Cette rouerie souleva le cœur. Le Vengeur venait précisément de blâmer la suppression de trois journaux réactionnaires demandée maintes fois par Félix Pyat dans les séances secrètes. Vermorel dénonça cette duplicité. Un membre : « On a dit ici que les démissions seraient considérées comme des trahisons. » Un autre : « On ne doit pas quitter son poste quand c’est un poste de péril et d’honneur. » Un troisième demanda formellement l’arrestation de Félix Pyat. « Je regrette, dit un autre, qu’on n’ait pas compris que c’est à ceux qui nous ont nommés qu’on doit porter sa démission. » Et Delescluze : « Pour une rancune personnelle ou parce que l’idéal poursuivi n’est pas d’accord avec le projet, on ne doit pas se retirer. Croyez-vous donc que tout le monde approuve ce qui se fait ici ? Eh bien, il y a des membres qui sont restés et qui resteront jusqu’à la fin, malgré les injures qu’on nous prodigue. Pour moi, je suis décidé à rester à mon poste et si nous ne voyons pas la victoire, nous ne serons pas les derniers à être frappés sur les remparts ou sur les marches de l’Hôtel-de-Ville. »
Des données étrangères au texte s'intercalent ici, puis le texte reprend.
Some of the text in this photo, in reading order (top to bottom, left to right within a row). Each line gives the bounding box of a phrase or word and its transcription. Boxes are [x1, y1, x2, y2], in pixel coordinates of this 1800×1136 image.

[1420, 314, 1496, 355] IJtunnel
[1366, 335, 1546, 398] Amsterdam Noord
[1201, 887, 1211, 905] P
Des bravos accueillirent cette mâle parole. Aucun dévouement n’était plus méritoire. Blanchi dans les idées de centralisation, Delescluze souffrait beaucoup de les voir attaquer. Rien n’était noble comme ce vieillard altéré de justice, étudiant à la fin de sa vie les questions sociales, dévoué au peuple, sans phrases et malgré tout. Un moment, écrasé par la maladie, attristé des séances, il parla de se retirer. Il suffit de lui dire que son départ porterait un grand préjudice à la cause du peuple et il resta pour attendre, non la victoire — aussi bien que Pyat il la savait impossible — mais la mort qui sème l’avenir.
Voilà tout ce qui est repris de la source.